Security

Authentication (authn) verifies identity -- who are you? Authorization (authz) verifies permissions -- what can you do? Conflating the two is one of the most common security architecture mistakes in distributed systems.

OAuth 2.0 is a delegation framework that lets users grant third-party applications limited access to their resources without sharing credentials. OpenID Connect (OIDC) adds a standardized identity layer on top, providing authentication in addition to OAuth's authorization.

JSON Web Tokens (JWTs) are self-contained, signed tokens that carry claims between parties. Designing tokens correctly -- choosing signing algorithms, claim sets, lifetimes, and rotation strategies -- is critical for security and scalability in distributed systems.
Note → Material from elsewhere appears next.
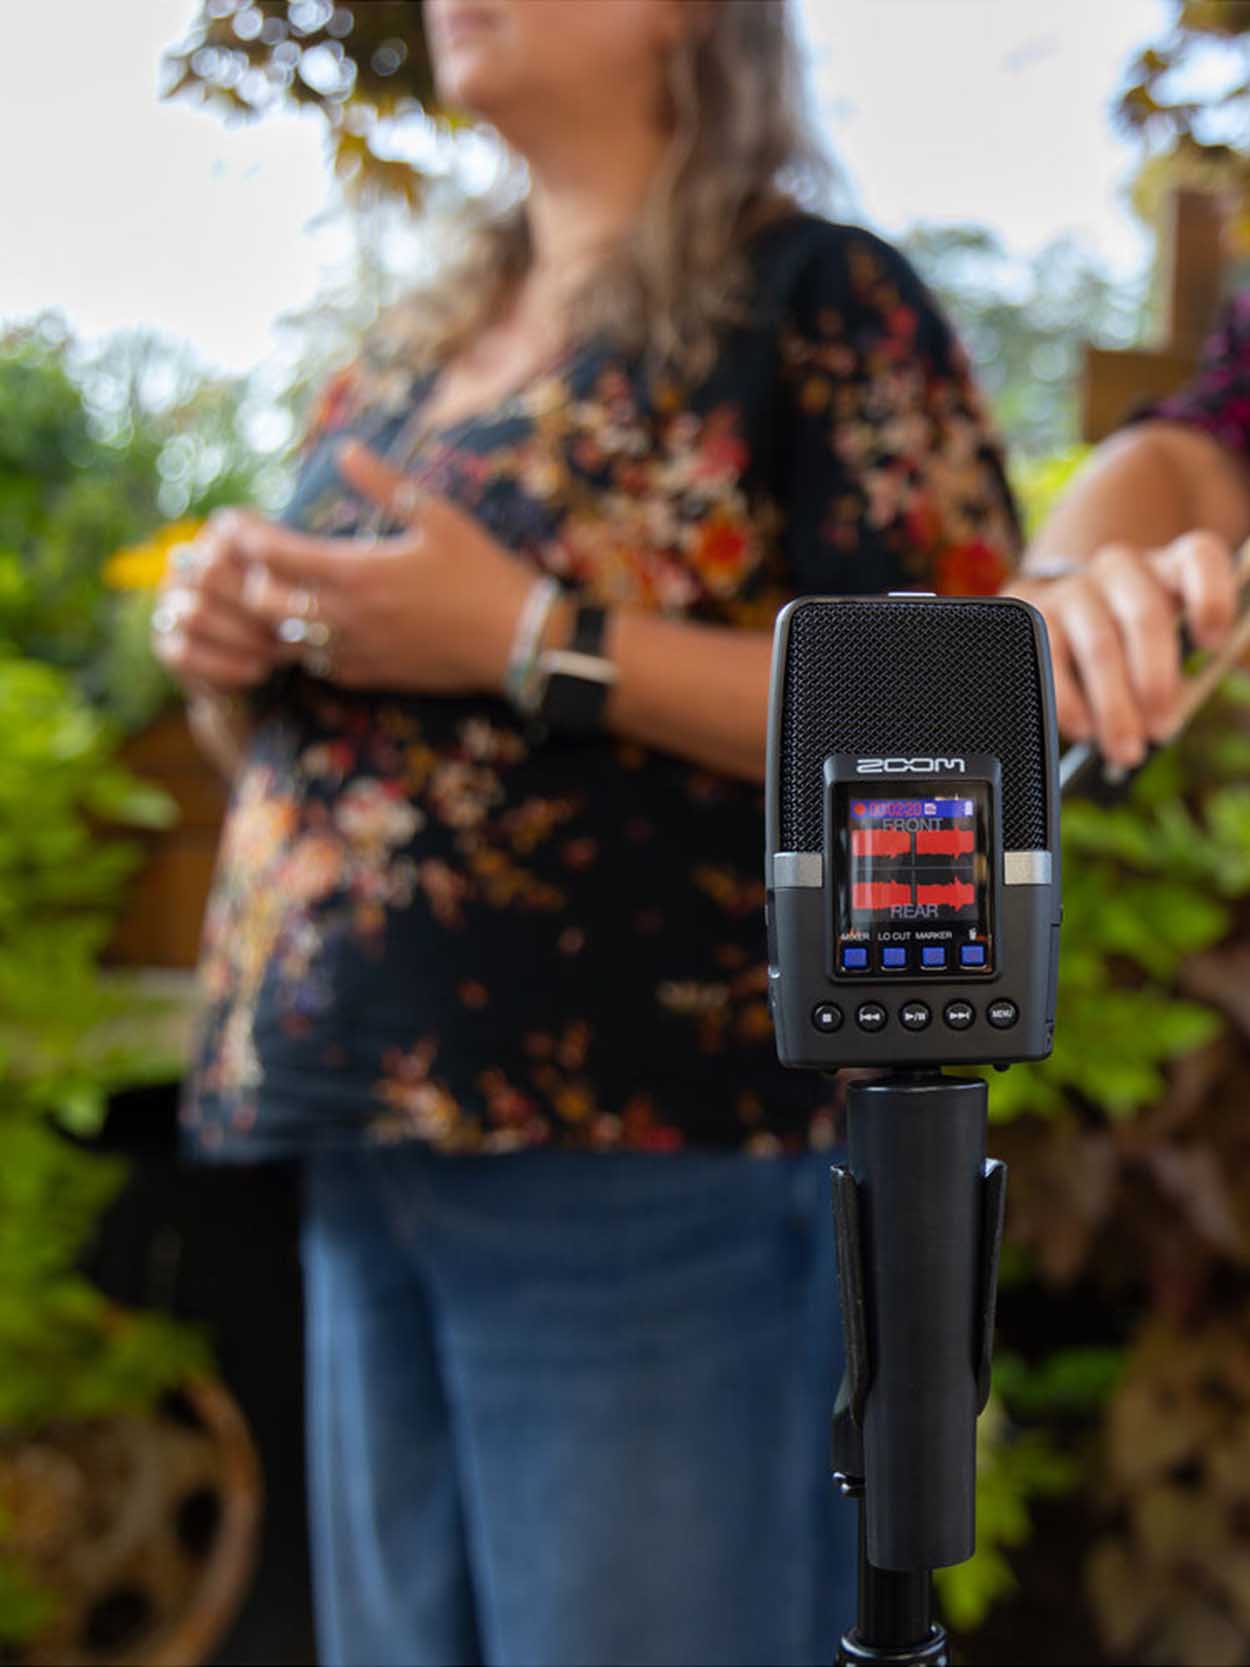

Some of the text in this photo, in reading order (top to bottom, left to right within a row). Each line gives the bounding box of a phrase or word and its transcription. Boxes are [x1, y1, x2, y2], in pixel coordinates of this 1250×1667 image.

Zero Trust eliminates the concept of a trusted network perimeter. Every request is authenticated, authorized, and encrypted regardless of its origin -- whether from the public internet, the corporate network, or between internal microservices.

Encryption in transit (TLS) protects data as it moves between systems. Encryption at rest (AES-256, envelope encryption) protects data stored on disk. Together they ensure data confidentiality against network sniffers, stolen disks, and compromised storage systems.

API security encompasses authentication, input validation, rate limiting, and protection against the OWASP API Top 10 threats. Threat modeling systematically identifies what can go wrong, who would attack, and what the impact would be, guiding security investments to the highest-risk areas.